The Company plans also to enter into other strategic alliances with product
providers such as those providing the book, music , and video products to offer
a larger number and greater variety of products. The Company believes that the
prices for goods and services in its agreements with its suppliers are
comparable to those available to other Web-based retailers. The Company's cost
to expand marketing exposure by Website branding is expected to result in lower
costs of sales. As a result, the Company anticipates that its branded sites will
compete on a price basis with other Web-based retailers.

         The Company expects to increase the information available on its
financial sites and significantly increase the database of public companies
available on irpackages.com. The Company intends to allocate additional capital
to recruit and train additional qualified personnel to implement this expansion
strategy.
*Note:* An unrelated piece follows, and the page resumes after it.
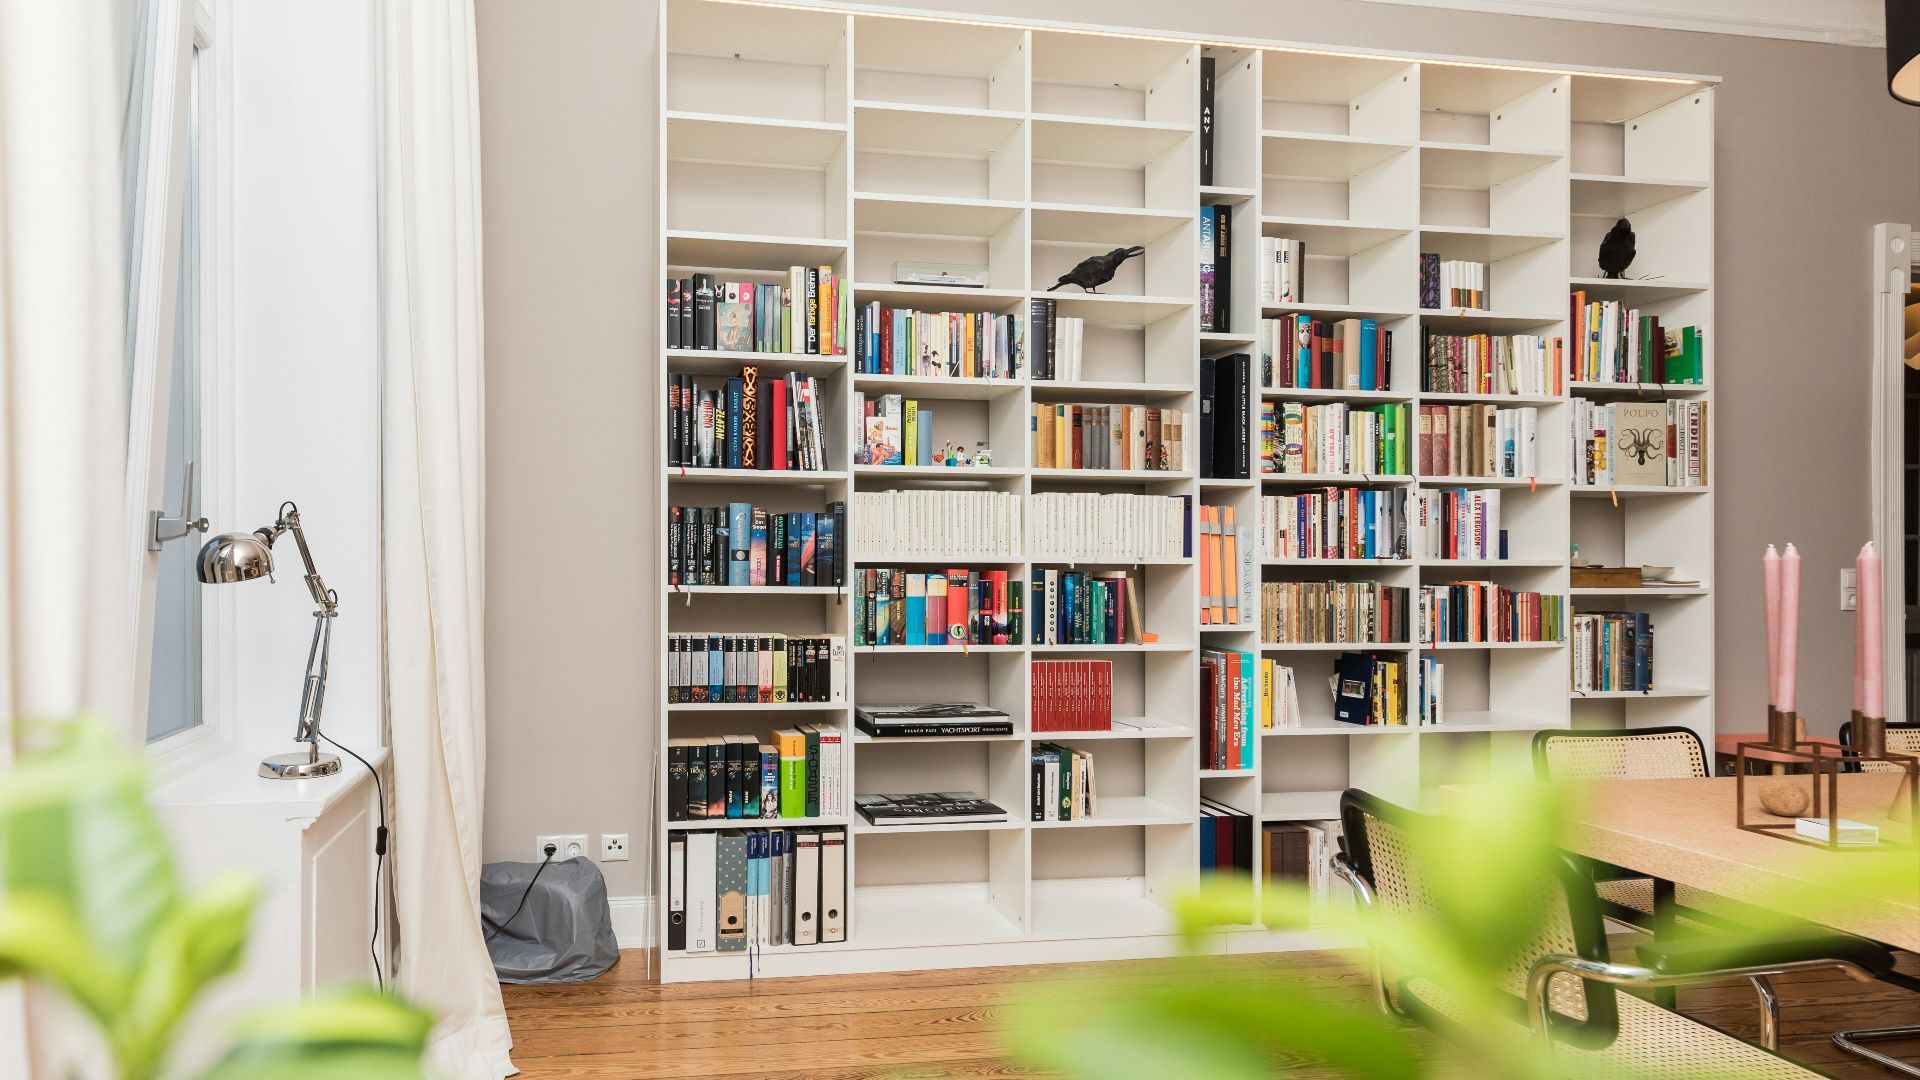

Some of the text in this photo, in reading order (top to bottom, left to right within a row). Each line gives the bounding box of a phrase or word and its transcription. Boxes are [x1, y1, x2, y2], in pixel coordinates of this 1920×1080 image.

The Company plans to continue to increase the variety of available
quotes (to include commodities and foreign securities), portfolio management,
charting, and company information available on the site stockstudy.com. This
will be done through additional programming and development of the site and by
the purchase of additional data feeds from data providers. The Company also
plans to increase the attractiveness of newsletterz.com by increasing both the
number and variety of news letters available on the site. The Company does not,
and does not intend to develop proprietary content, except that the Company has
engaged one staff writer to provide a morning and evening summary analysis of
the stock market. All other content is licensed or purchased from third parties.
The Company has allocated additional personnel to market the service to the
newsletter community. There are currently 41 newsletters available on
newsletterz.com. Neither the Company nor any affiliate of the Company publishes
or has any interest in any of the newsletters. Currently the newsletters on the
site cover a broad range of financial interests, ranging from: small cap stocks,
blue chip stocks, mutual funds, foreign securities, drip investing, commodities,
ADR's, and personal finance.

                                       11
<PAGE>

         The Company intends to differentiate its product line from other
similar sites by providing a broad range of content and by continually updating
the content. For example, while many financial sites contain newsletters or
similar information, few sites offer as many newsletters from such a broad
topical range as newsletterz.com. Such an approach is in contrast to other
financial sites (DLJDirect, E*Trade) which offer only their own research. The
Company will also rely upon the input of its branded site users to include
information that customers demand.

         Through the first six (6) months of the next fiscal year, the Company
plans to purchase approximately $200,000 in additional computer equipment which
will include servers, hubs, routers, Internet connectivity lines, and work
stations. The Company expects that this equipment will be capable of servicing
the projected number of users on the Company's e-commerce sites and content
sites over this period. The Company's computer systems are scalable and if the
number of Internet users accessing the sites exceed expectations more funds will
be allocated to the purchase of additional servers and connectivity lines. The
Company expects that the present office space that it is leasing will be
adequate to accommodate the growth of the Company through the end of the next
fiscal year. The Company uses off-site server providers in secure server
locations to house most of its Internet server computers and expects to continue
this practice in the foreseeable future.

         The Company expects to hire four additional programmers and computer
technicians during the remainder of this year and the first half of the next
fiscal year and expects to extensively employ outside computer consultants on a
project by project basis. The Company will be hiring approximately twelve people
to work in a newly formed marketing department. This new department will market
the services and products of the Company including: selling advertising on the
Company's sites and associates sites, marketing the associates program to the
Companies and institutions that have Web sites that could benefit from a branded
e-commerce or financial site, and selling custom programming to Web Sites. The
Company also expects to hire an additional ten technicians to support the
operations of the e-commerce site, and an additional five persons for general
administrative purposes.

Principal Markets

         The Company initially will focus on two principal markets on the World
Wide Web: the market for financial services and information (stock quotes,
personal portfolio management, charting, mutual fund data, news releases,
automated investor relations package request system, and financial editorial
content) and the market for entertainment products and services (books, videos,
and music).

         The Company expects to generate the majority of its revenue through 1)
revenues derived from the sale of products via e-commerce through the Company's
main sites (junglejeff.com and stockstudy.com) and through the client's sites,
2) the sale of advertisement space (on main sites and on client sites), 3) fees
Charged for custom Web site design and programming, and 4) fees charged for
graphic customization of the branded content on individual associate sites. For
a description of the Company's main Web site, see "The Company's Brandable
Sticky Solutions" below.

                                       12
<PAGE>

Marketing

         The Company plans to implement a marketing campaign over the next 12
months. The Company expects to finance the bulk of its marketing expenses
through the future sale of its equity securities. The Company has allocated
approximately $300,000 to finance the cost of marketing its destination Web
sites and related products over the next six months.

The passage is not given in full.